[MATERIAL SUPPLIED Boundary: Start]

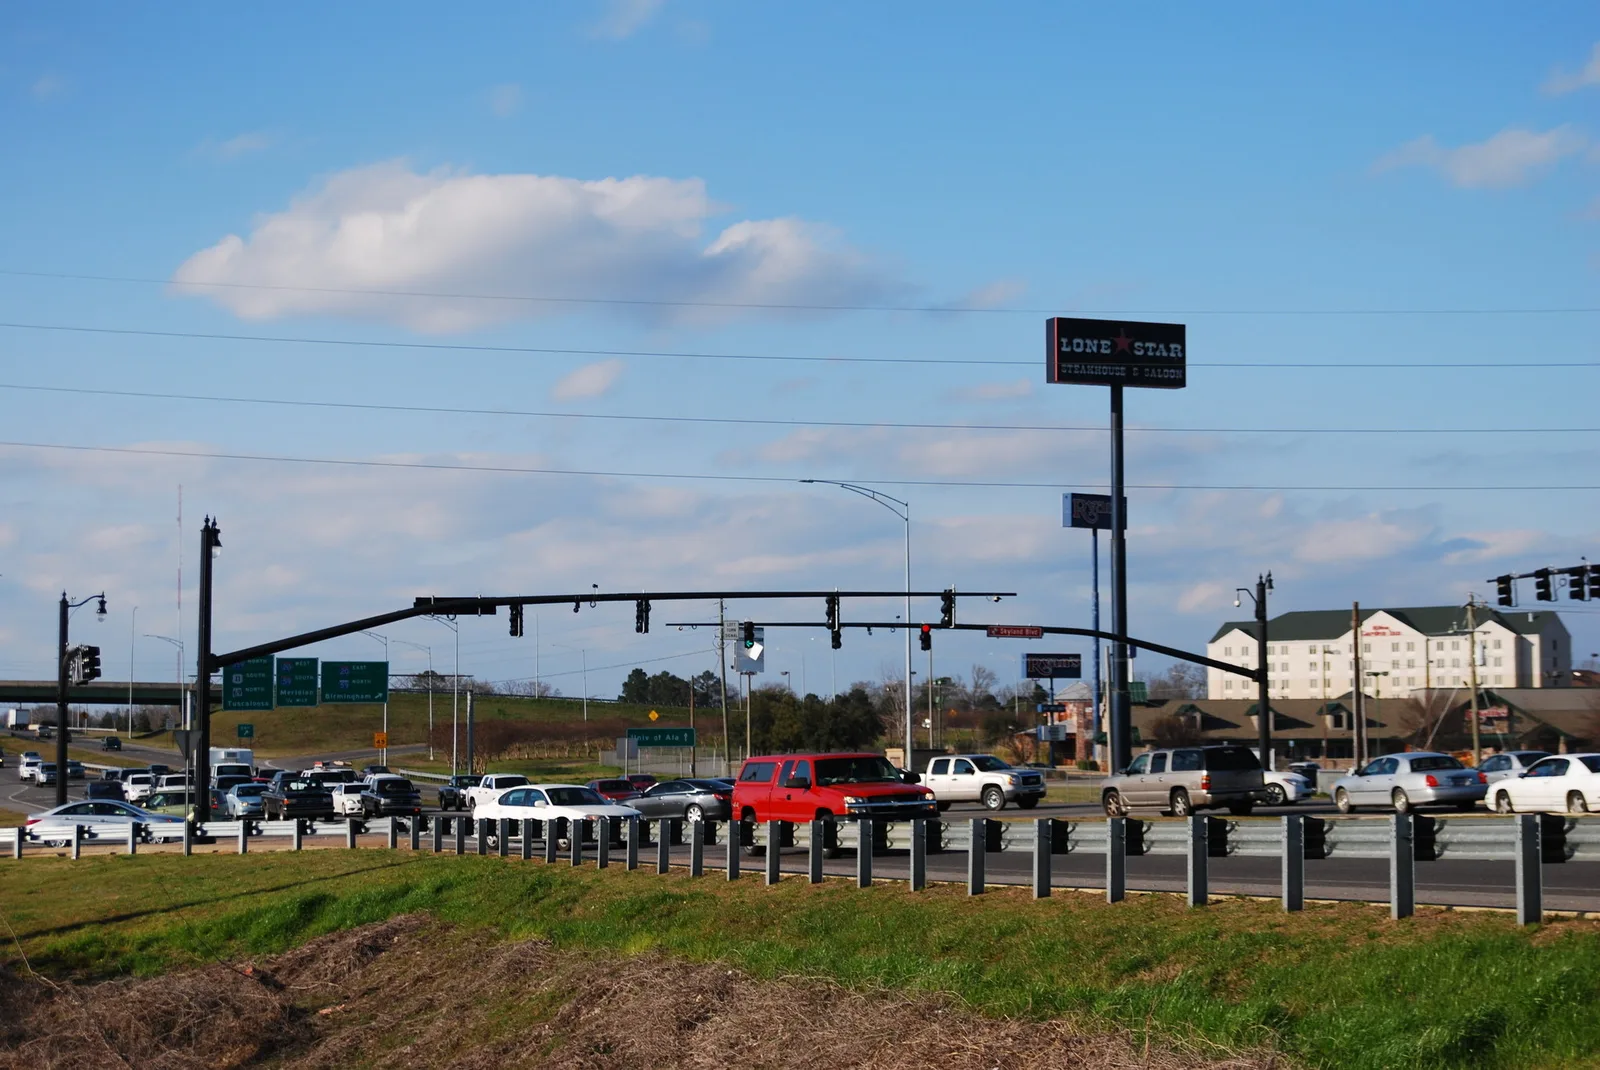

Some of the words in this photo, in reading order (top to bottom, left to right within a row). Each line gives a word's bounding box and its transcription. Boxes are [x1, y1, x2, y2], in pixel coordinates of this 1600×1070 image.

[1060, 338, 1112, 354] LONE
[1133, 341, 1183, 358] STAR
[1060, 364, 1126, 377] STEAKHOUSE
[1132, 367, 1139, 377] &
[1144, 367, 1183, 379] SALOON
[1000, 628, 1023, 636] Skyland
[325, 693, 371, 701] Birmingham
[653, 734, 662, 742] of

[MATERIAL SUPPLIED Boundary: End]

Output all of the entries once more, word for word, with the images removed.

Some of the words in this photo, in reading order (top to bottom, left to right within a row). Each line gives a word's bounding box and its transcription. Boxes are [x1, y1, x2, y2], in pixel coordinates of this 1600×1070 image.

[1060, 338, 1112, 354] LONE
[1133, 341, 1183, 358] STAR
[1060, 364, 1126, 377] STEAKHOUSE
[1132, 367, 1139, 377] &
[1144, 367, 1183, 379] SALOON
[1000, 628, 1023, 636] Skyland
[325, 693, 371, 701] Birmingham
[653, 734, 662, 742] of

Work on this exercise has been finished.